- [RECORDS FOR PROCESSING]:
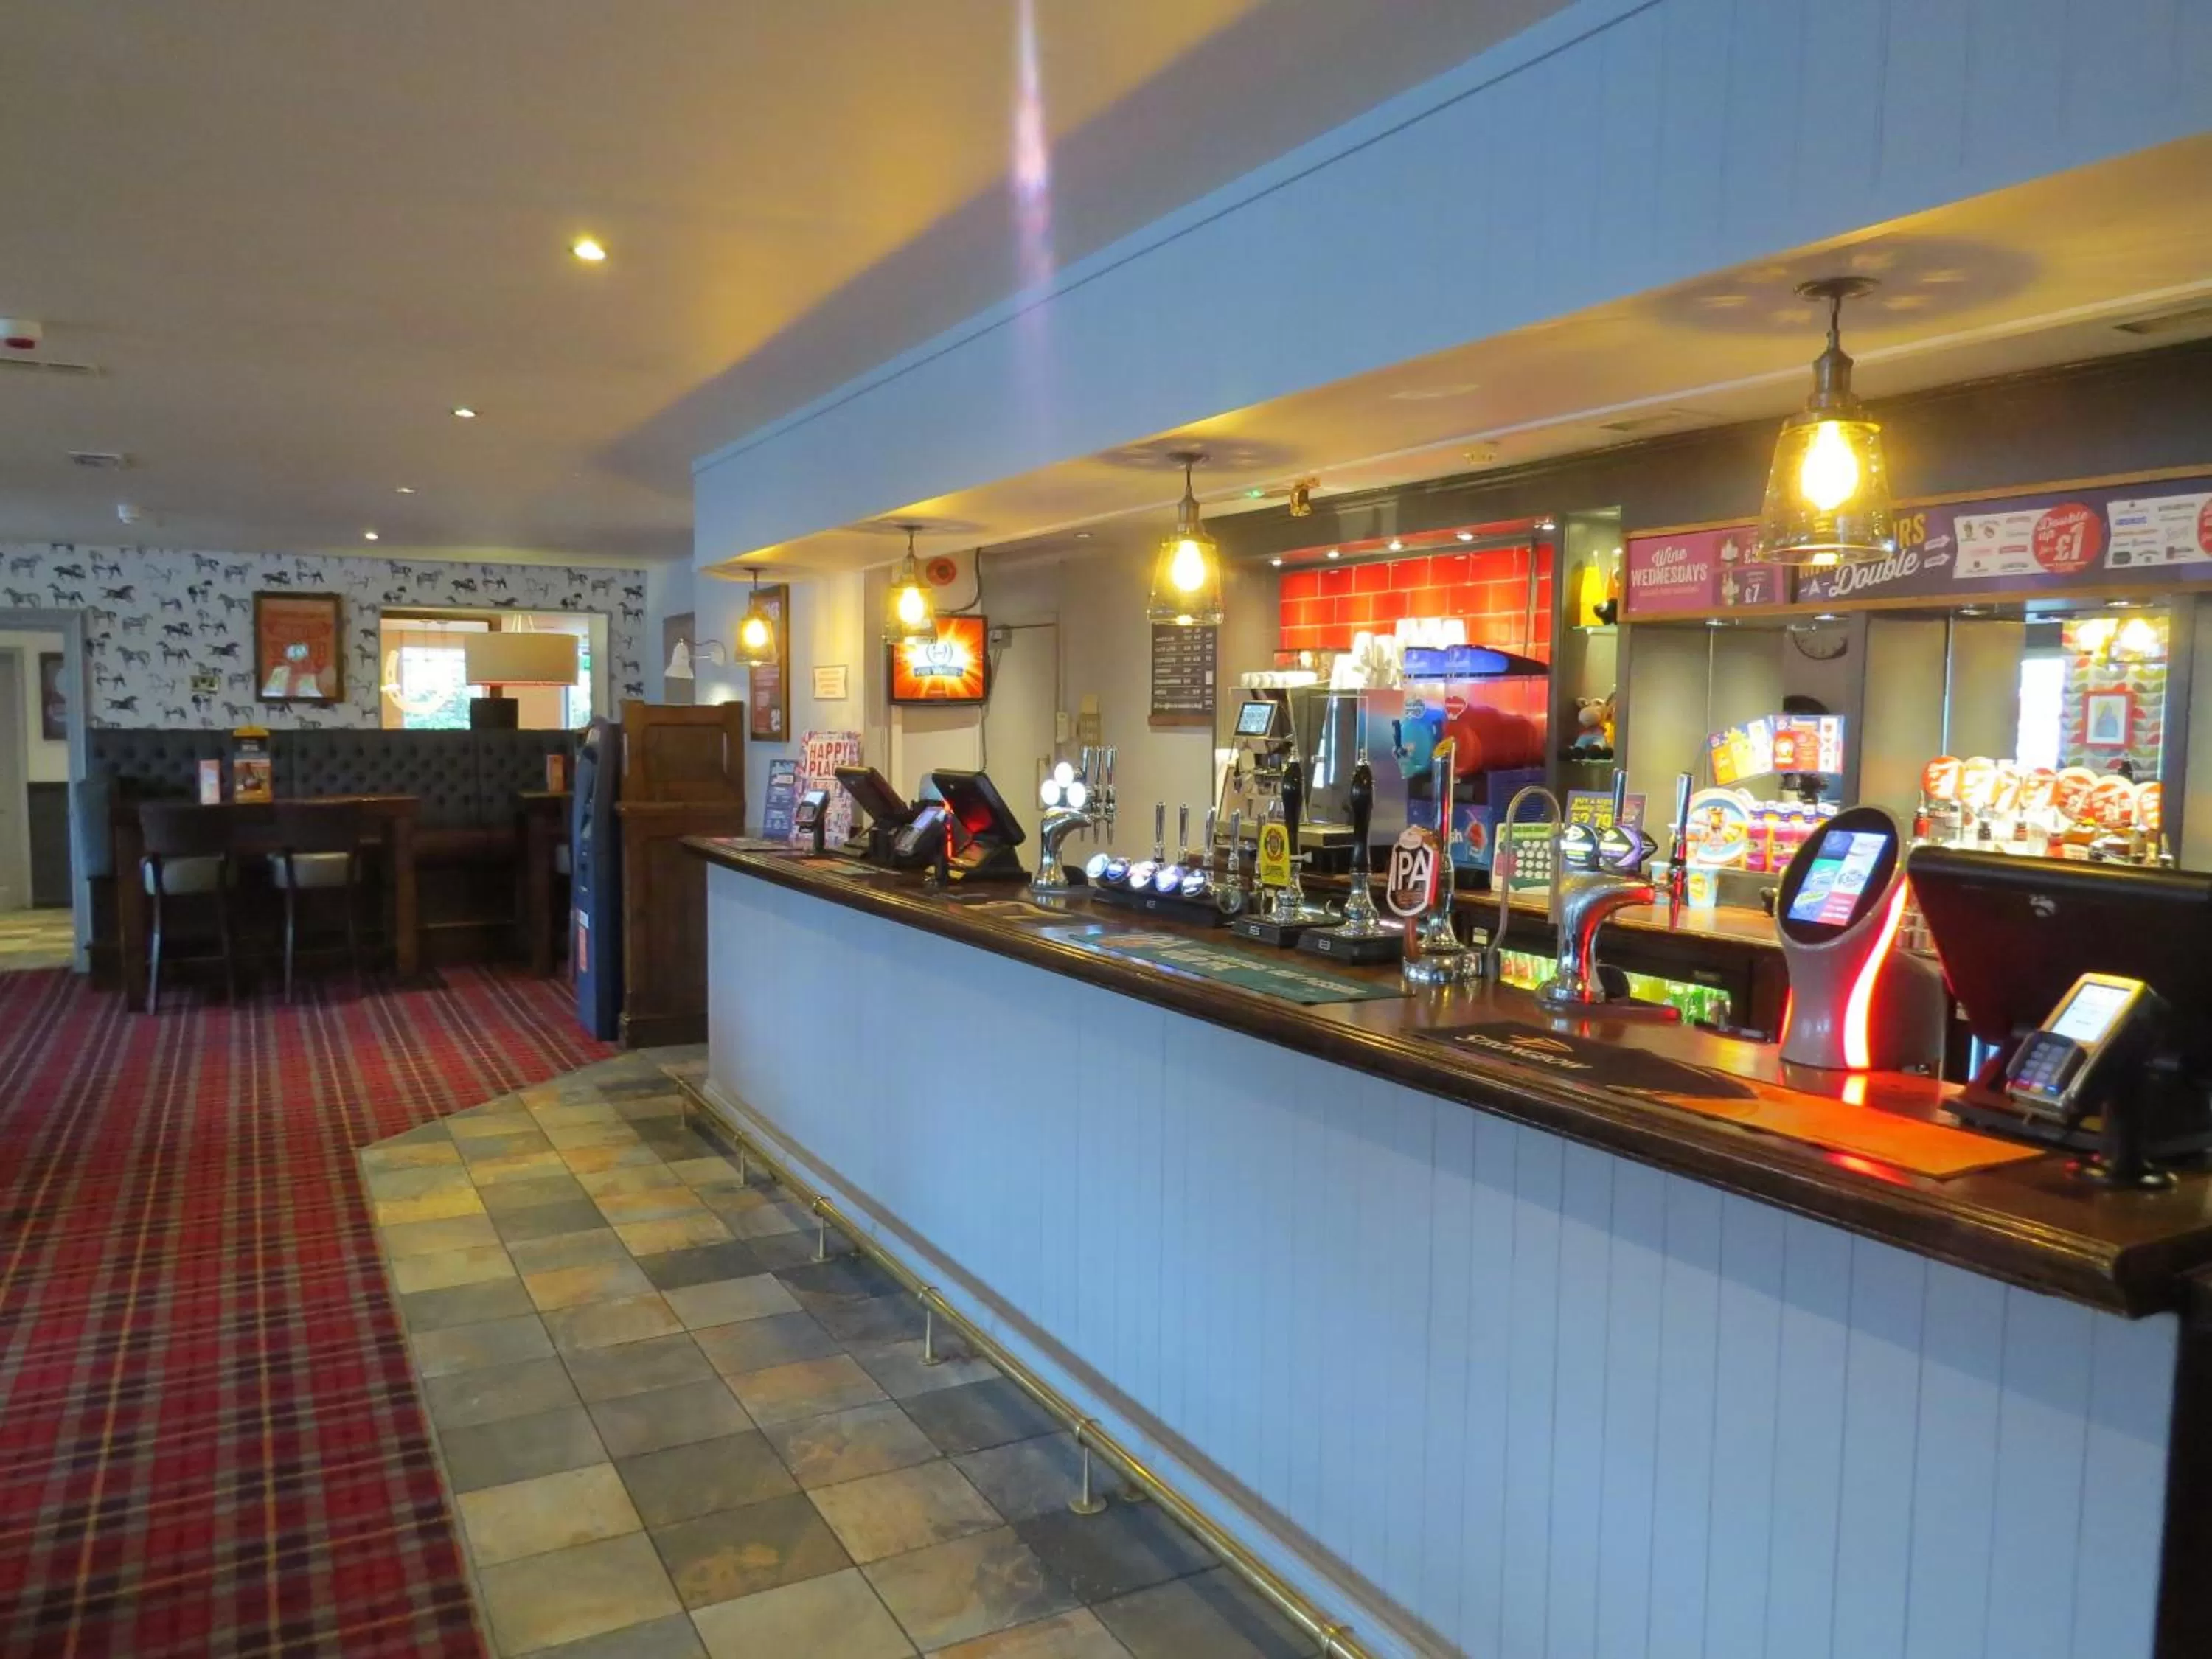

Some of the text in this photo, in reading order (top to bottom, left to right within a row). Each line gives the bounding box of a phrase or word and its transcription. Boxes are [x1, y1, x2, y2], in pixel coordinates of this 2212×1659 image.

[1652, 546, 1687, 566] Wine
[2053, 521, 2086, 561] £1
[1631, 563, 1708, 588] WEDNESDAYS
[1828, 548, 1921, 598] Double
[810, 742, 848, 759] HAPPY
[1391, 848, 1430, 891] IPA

- [EXERCISE GOAL]: Leave out the pictures and set down all of the data exactly.

- [PROBLEM SOLUTION]:
Some of the text in this photo, in reading order (top to bottom, left to right within a row). Each line gives the bounding box of a phrase or word and its transcription. Boxes are [x1, y1, x2, y2], in pixel coordinates of this 2212×1659 image.

[1652, 546, 1687, 566] Wine
[2053, 521, 2086, 561] £1
[1631, 563, 1708, 588] WEDNESDAYS
[1828, 548, 1921, 598] Double
[810, 742, 848, 759] HAPPY
[1391, 848, 1430, 891] IPA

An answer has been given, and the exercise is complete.